Ortiz mengangkat bahu, terlihat bingung. "Dia kelihatannya baik sih, dia bilang dia nggak masalah nganter jemput aku, tapi aku masih belum tahu harus merasa gimana. Rasanya aneh aja, tiba-tiba ada orang baru dalam hidup aku yang harus aku panggil Kak."

Azmi mengangguk mengerti. "Ya, pasti butuh waktu untuk terbiasa. Tapi lihat sisi positifnya, sekarang kamu punya kakak yang bisa diajak curhat atau minta bantuan kalau butuh. Sedangkan kamu selama ini apa-apa sendiri Nenek kamu juga nggak selalu bisa kamu andalkan saat Mama kamu nggak ada di rumah."

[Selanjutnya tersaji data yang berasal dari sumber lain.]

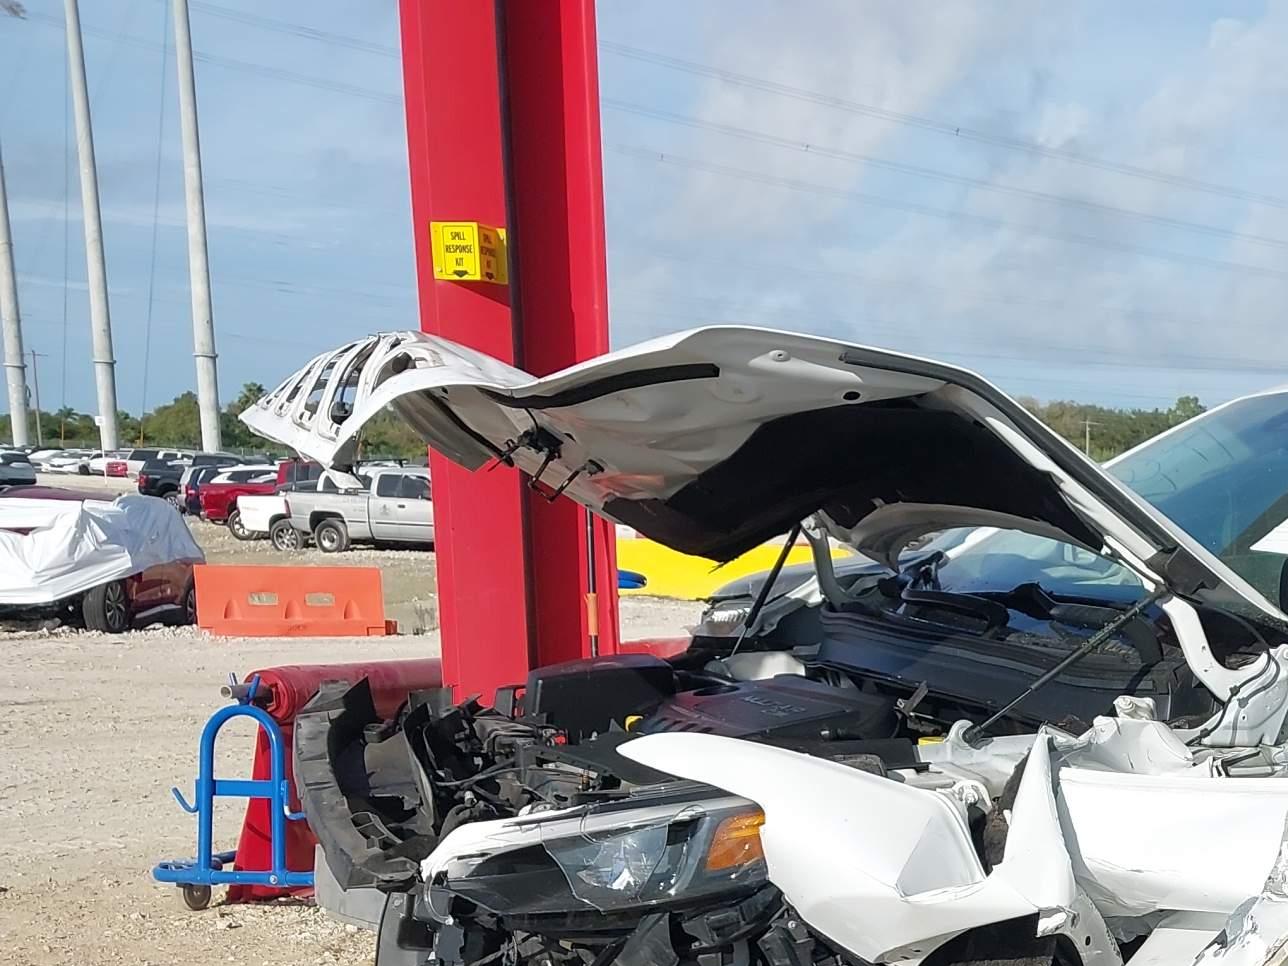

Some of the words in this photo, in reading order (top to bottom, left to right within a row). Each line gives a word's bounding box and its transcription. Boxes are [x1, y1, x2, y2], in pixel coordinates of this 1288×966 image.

Bella tersenyum dan menambahkan, "Dan siapa tahu, kalian malah jadi akrab nanti. Lagipula, dia kelihatannya perhatian sama kamu, kan? Itu tanda bagus."

Ortiz mengangguk pelan, meski masih ada rasa canggung yang sulit ia jelaskan. "Iya, mungkin aja. Tapi ya, aku masih butuh waktu. Semuanya terjadi begitu cepat."

Percakapan mereka berlanjut, dengan Bella dan Azmi memberikan dukungan dan bercanda untuk meringankan suasana. Meski masih canggung, Ortiz merasa sedikit lebih tenang setelah berbagi cerita dengan sahabat-sahabatnya. Ia tahu bahwa perjalanan untuk menerima situasi baru ini mungkin tidak mudah, tetapi dengan dukungan dari orang-orang di sekitarnya, ia mungkin bisa menyesuaikan diri perlahan-lahan.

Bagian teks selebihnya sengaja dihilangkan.